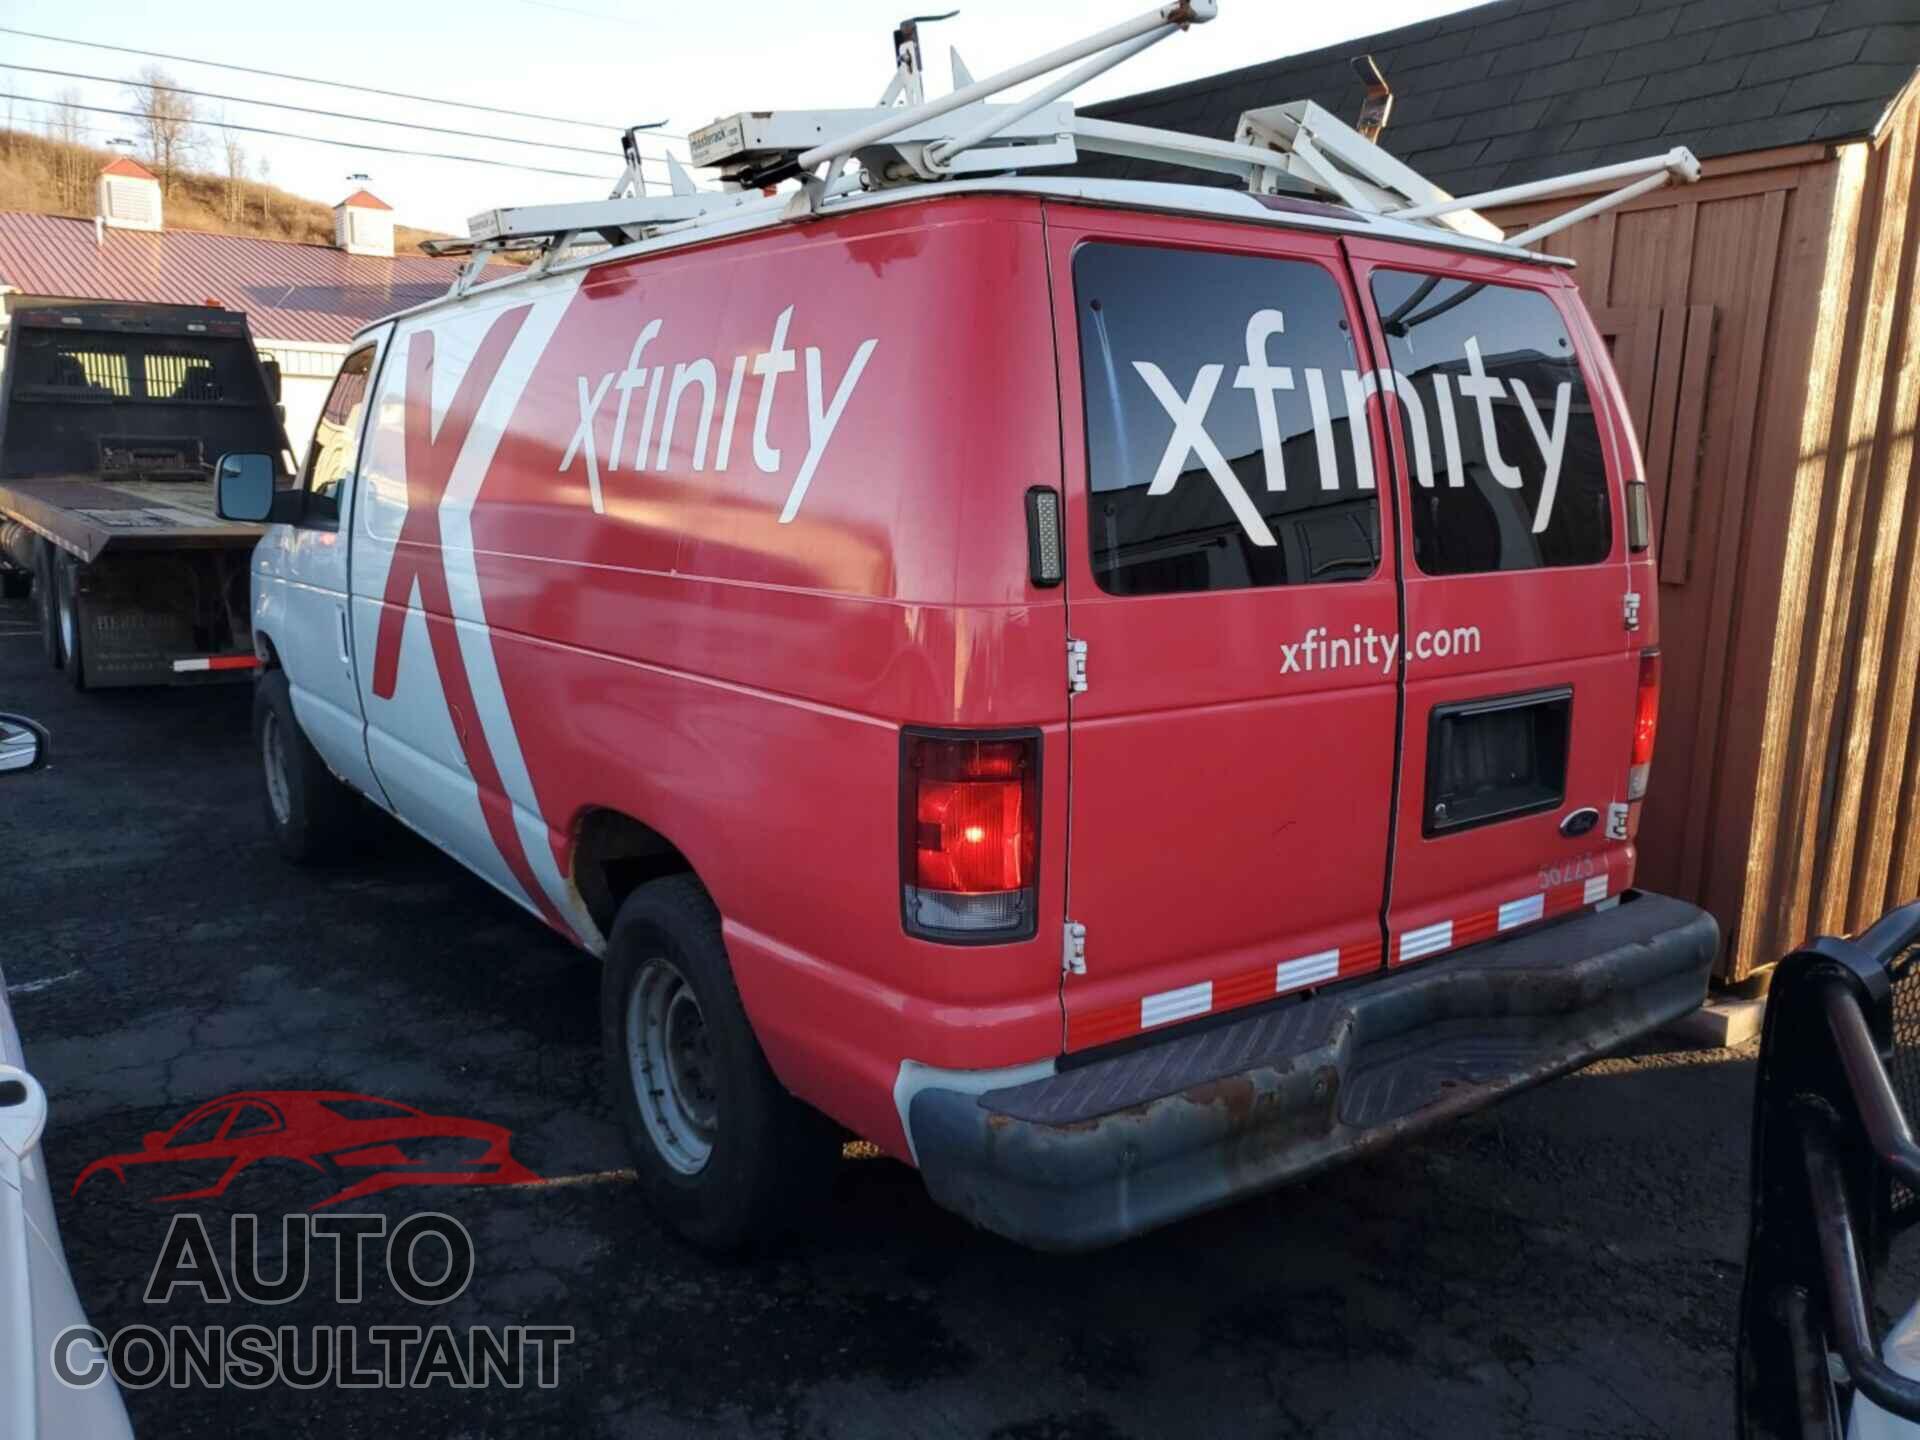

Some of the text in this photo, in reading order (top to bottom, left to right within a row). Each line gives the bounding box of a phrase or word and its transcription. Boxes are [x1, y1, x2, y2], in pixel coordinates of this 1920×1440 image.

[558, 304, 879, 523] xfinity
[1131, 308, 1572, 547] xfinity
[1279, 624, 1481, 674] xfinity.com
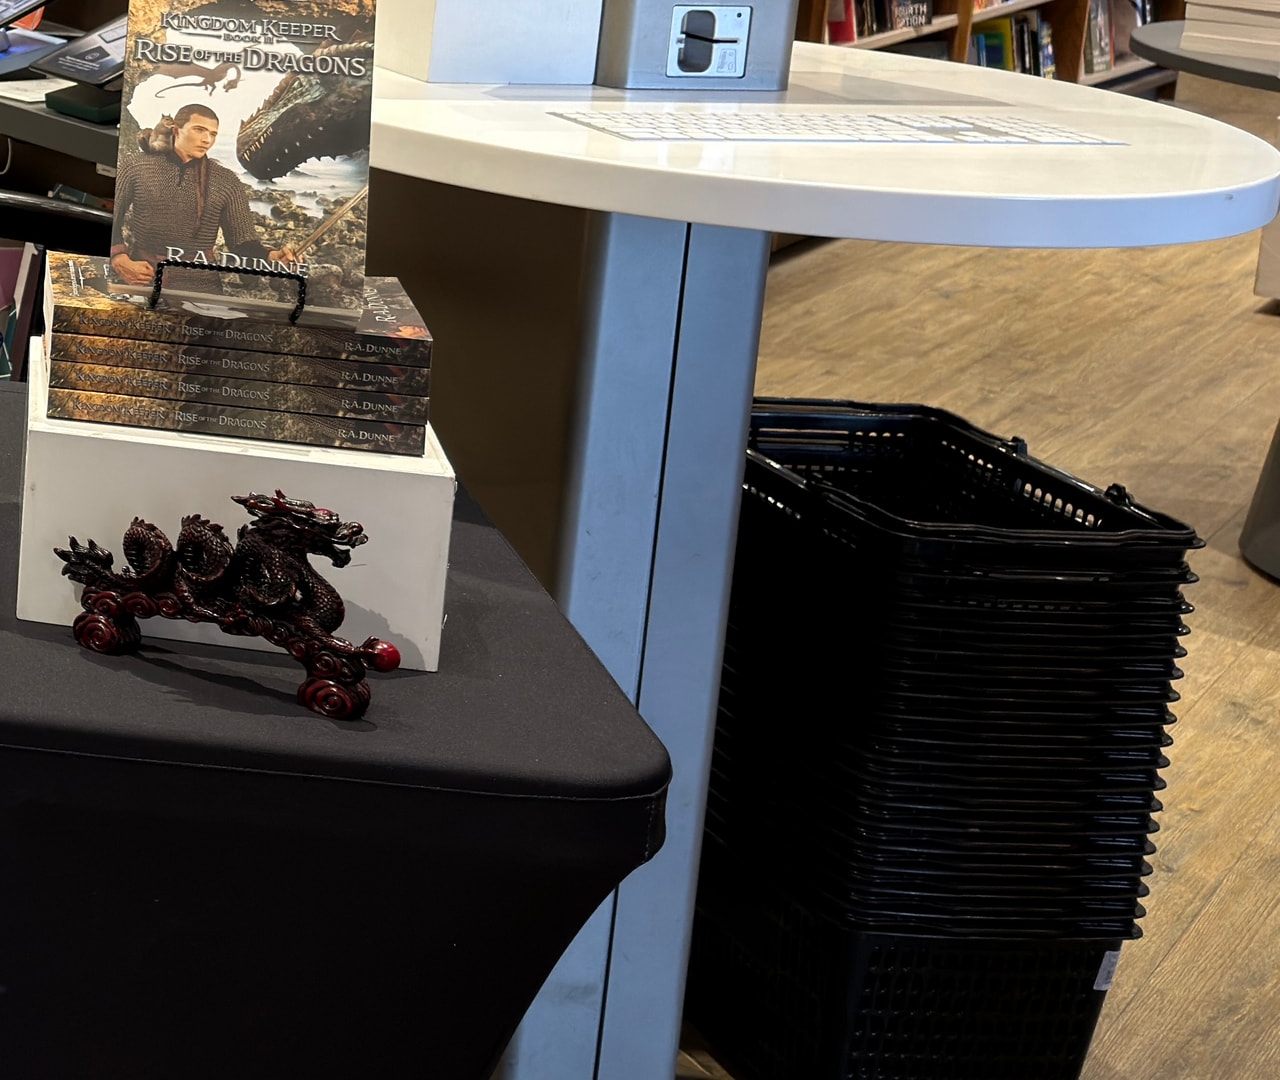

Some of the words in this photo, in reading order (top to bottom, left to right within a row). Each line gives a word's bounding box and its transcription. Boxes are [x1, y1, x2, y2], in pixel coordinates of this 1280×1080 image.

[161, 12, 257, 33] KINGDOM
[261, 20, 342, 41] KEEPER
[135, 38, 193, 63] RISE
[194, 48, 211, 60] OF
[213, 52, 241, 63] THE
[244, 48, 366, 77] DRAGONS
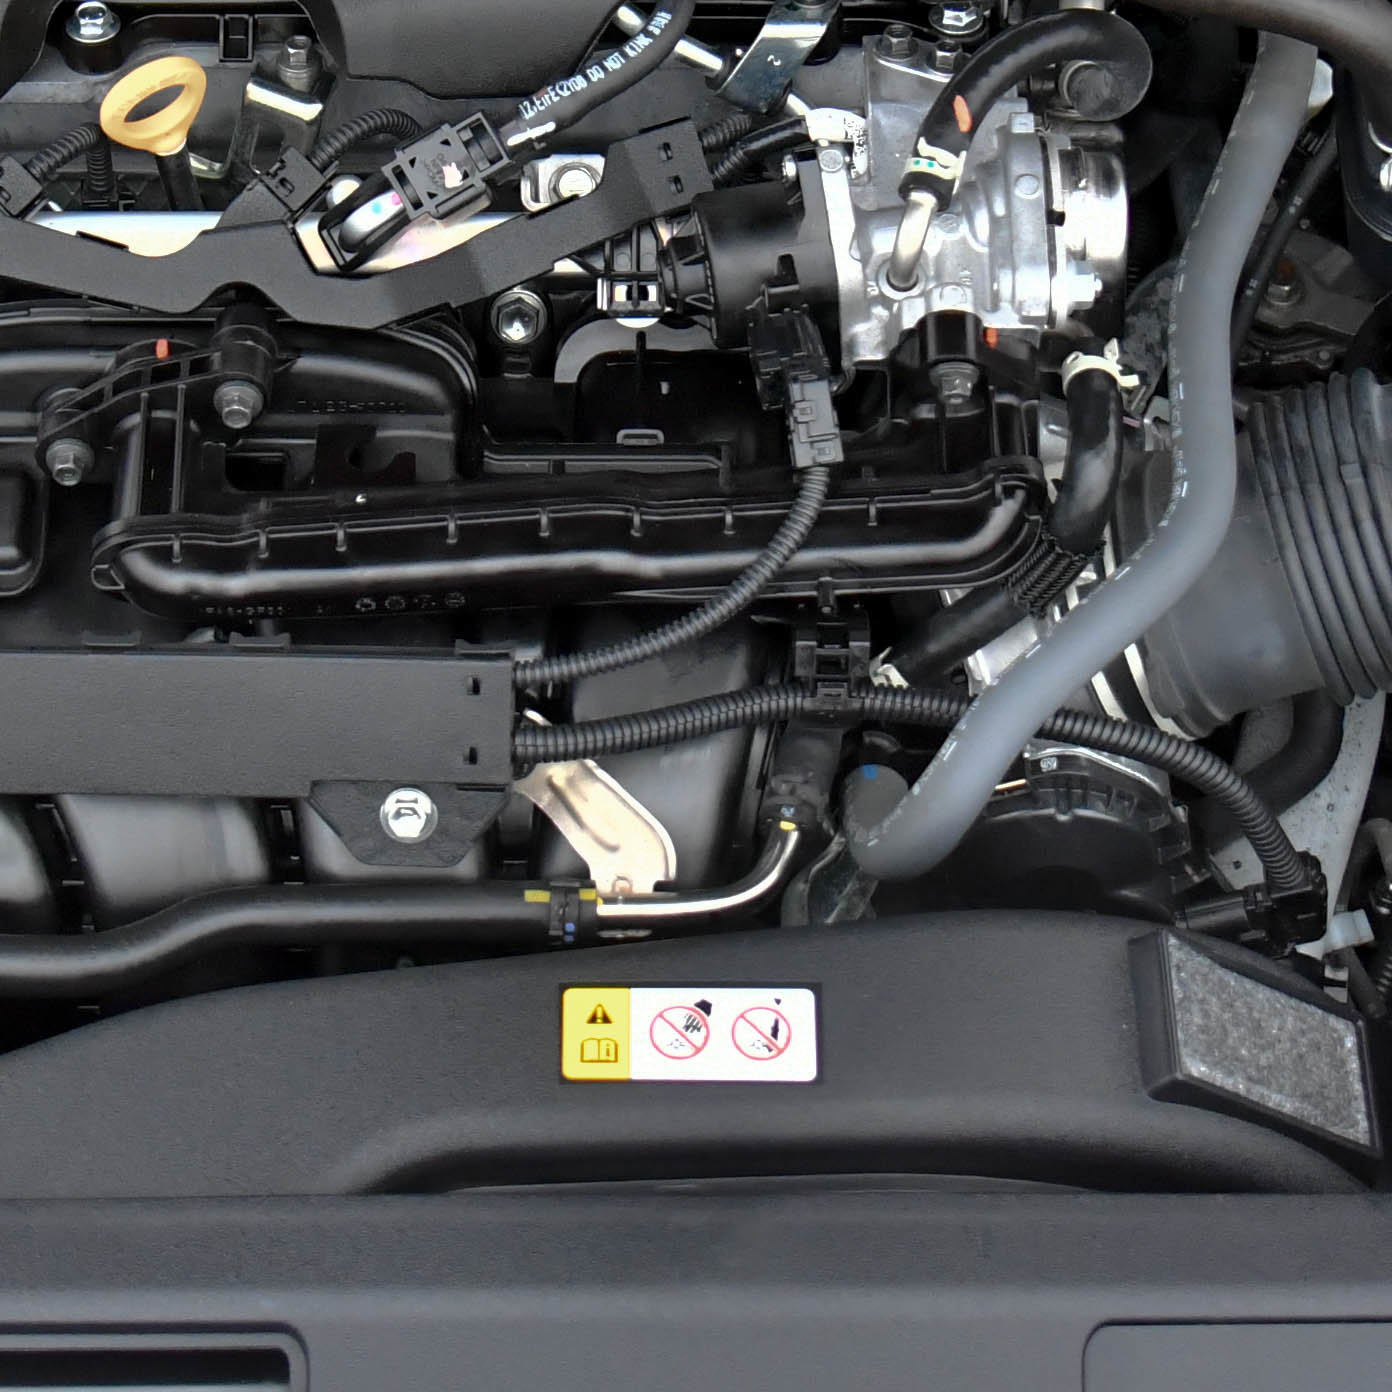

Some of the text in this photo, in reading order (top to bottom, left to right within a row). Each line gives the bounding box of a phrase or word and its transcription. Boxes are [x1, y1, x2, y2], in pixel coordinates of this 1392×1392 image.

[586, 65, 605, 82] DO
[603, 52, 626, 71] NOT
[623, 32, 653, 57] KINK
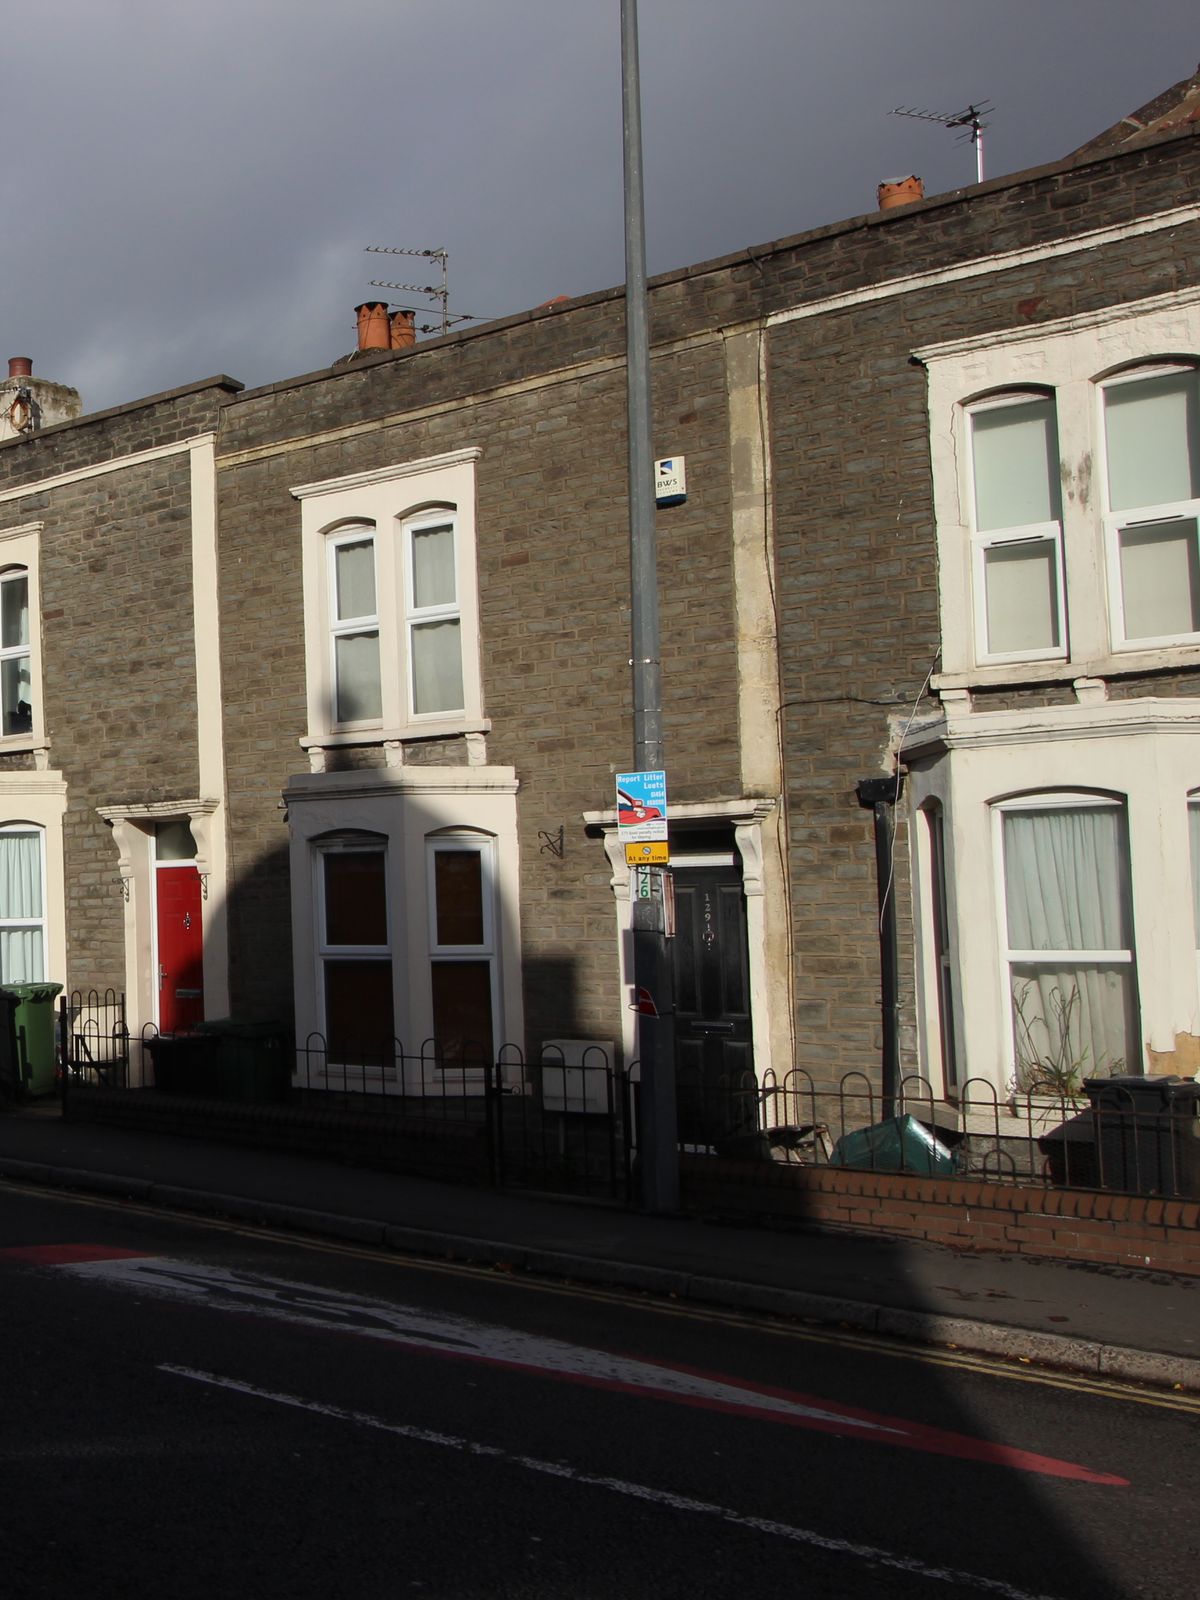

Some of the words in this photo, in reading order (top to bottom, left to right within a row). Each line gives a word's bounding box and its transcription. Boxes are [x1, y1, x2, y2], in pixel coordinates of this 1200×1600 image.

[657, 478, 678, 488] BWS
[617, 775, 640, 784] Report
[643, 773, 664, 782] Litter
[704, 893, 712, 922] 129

=======

The reply is to be all the records above, transcribed exactly, with no pictures.

Some of the text in this photo, in reading order (top to bottom, left to right within a row). Each line gives the bounding box of a phrase or word and its transcription. Boxes are [x1, y1, x2, y2], in pixel coordinates of this 1920×1440 image.

[558, 304, 879, 523] xfinity
[1131, 308, 1572, 547] xfinity
[1279, 624, 1481, 674] xfinity.com

Some of the words in this photo, in reading order (top to bottom, left to right within a row). Each line gives a word's bounding box and its transcription. Boxes are [x1, y1, x2, y2], in pixel coordinates of this 1280×1080 image.

[161, 12, 257, 33] KINGDOM
[261, 20, 342, 41] KEEPER
[135, 38, 193, 63] RISE
[194, 48, 211, 60] OF
[213, 52, 241, 63] THE
[244, 48, 366, 77] DRAGONS

Some of the text in this photo, in reading order (top to bottom, left to right within a row). Each line gives the bounding box of a phrase or word and its transcription. Boxes are [x1, y1, x2, y2], in pixel coordinates of this 1392×1392 image.

[586, 65, 605, 82] DO
[603, 52, 626, 71] NOT
[623, 32, 653, 57] KINK

Some of the words in this photo, in reading order (top to bottom, left to right within a row). Each line gives a word's bounding box and its transcription. Boxes are [x1, y1, x2, y2], in pixel coordinates of this 1200×1600 image.

[657, 478, 678, 488] BWS
[617, 775, 640, 784] Report
[643, 773, 664, 782] Litter
[704, 893, 712, 922] 129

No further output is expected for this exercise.